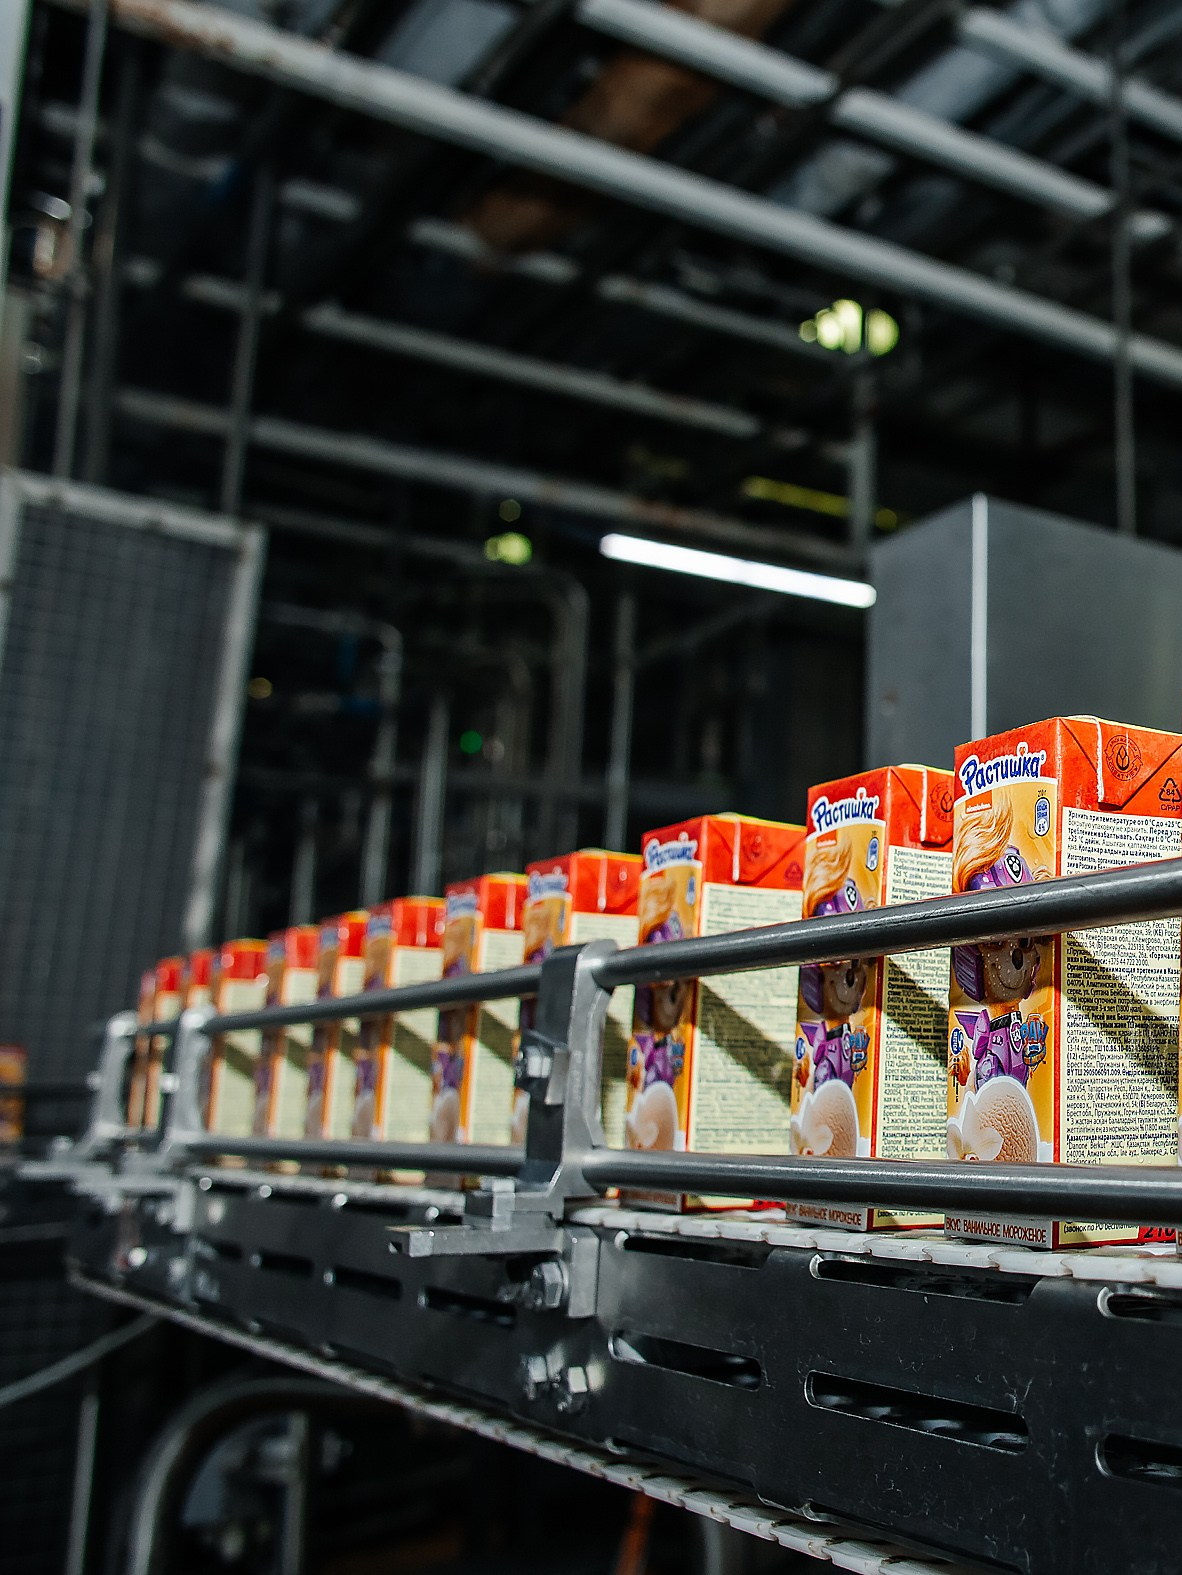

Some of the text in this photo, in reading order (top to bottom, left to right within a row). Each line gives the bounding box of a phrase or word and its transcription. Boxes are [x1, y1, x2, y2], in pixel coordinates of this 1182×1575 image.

[962, 757, 1041, 795] Растишка
[1166, 788, 1175, 796] 84
[1160, 803, 1181, 812] C/PAP
[814, 800, 875, 832] Растишка
[1144, 818, 1149, 826] 0
[1156, 820, 1164, 828] до
[1164, 820, 1175, 828] +25
[1149, 827, 1169, 836] Перед
[1020, 1020, 1049, 1043] PAW
[945, 1217, 1047, 1243] ВКУС ВАНИЛЬНОЕ МОРОЖЕНОЕ
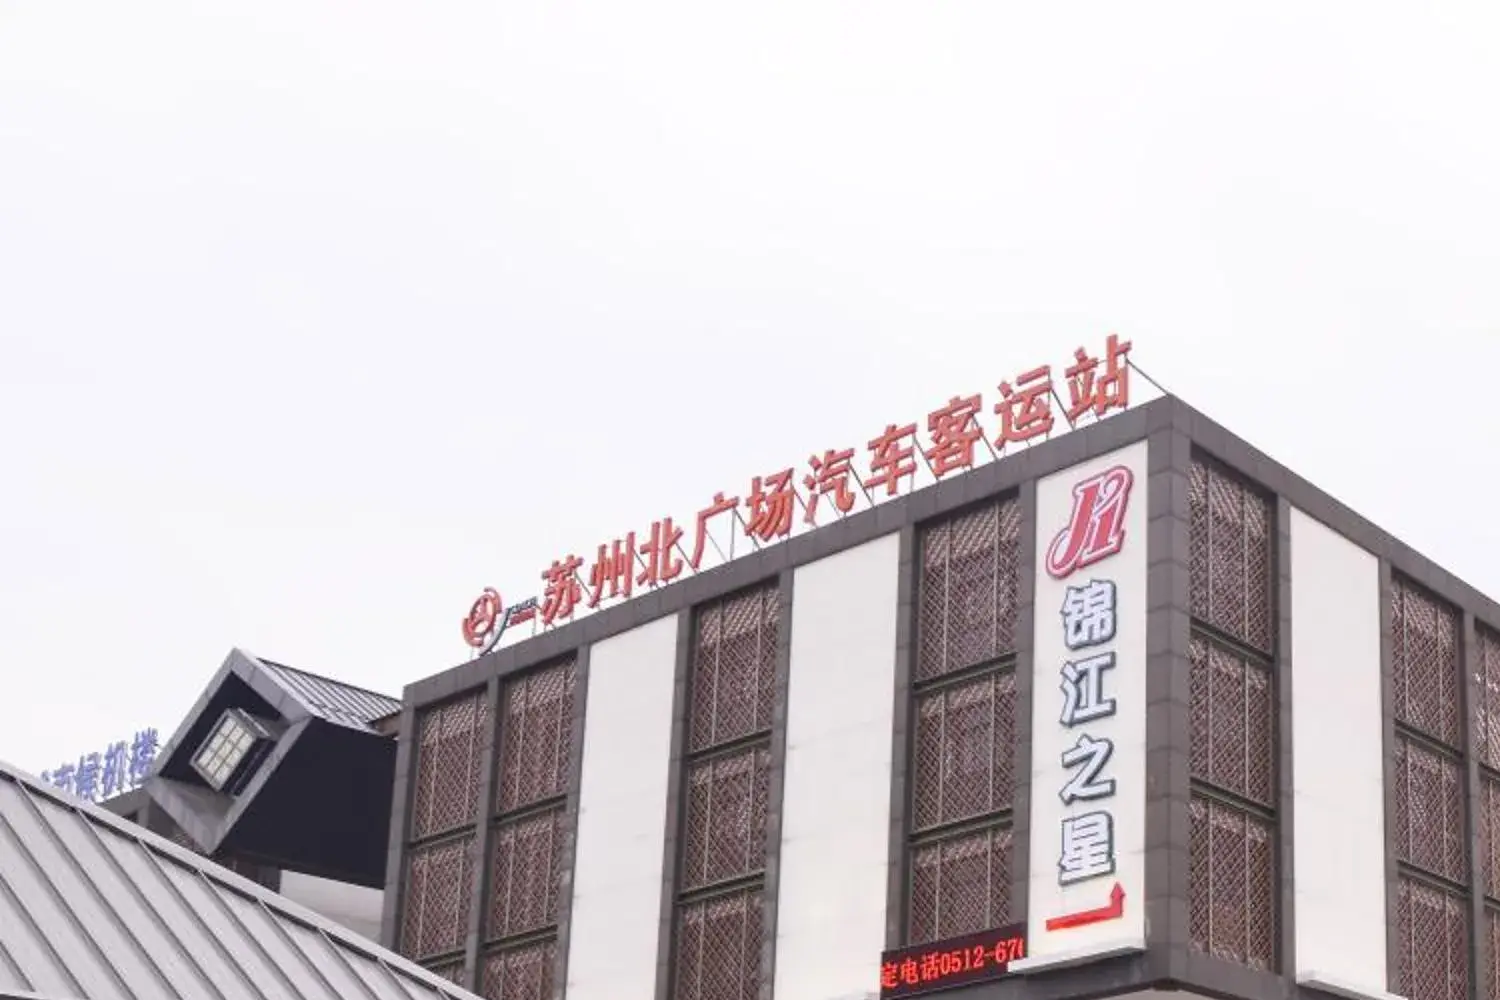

========

• Requirement: Return all of the records above exactly as written. Omit each picture.

• Solution to this task:
Some of the text in this photo, in reading order (top to bottom, left to right within a row). Each line gives the bounding box of a phrase or word and its transcription. Boxes are [x1, y1, x2, y2], in pixel coordinates of this 1182×1575 image.

[962, 757, 1041, 795] Растишка
[1166, 788, 1175, 796] 84
[1160, 803, 1181, 812] C/PAP
[814, 800, 875, 832] Растишка
[1144, 818, 1149, 826] 0
[1156, 820, 1164, 828] до
[1164, 820, 1175, 828] +25
[1149, 827, 1169, 836] Перед
[1020, 1020, 1049, 1043] PAW
[945, 1217, 1047, 1243] ВКУС ВАНИЛЬНОЕ МОРОЖЕНОЕ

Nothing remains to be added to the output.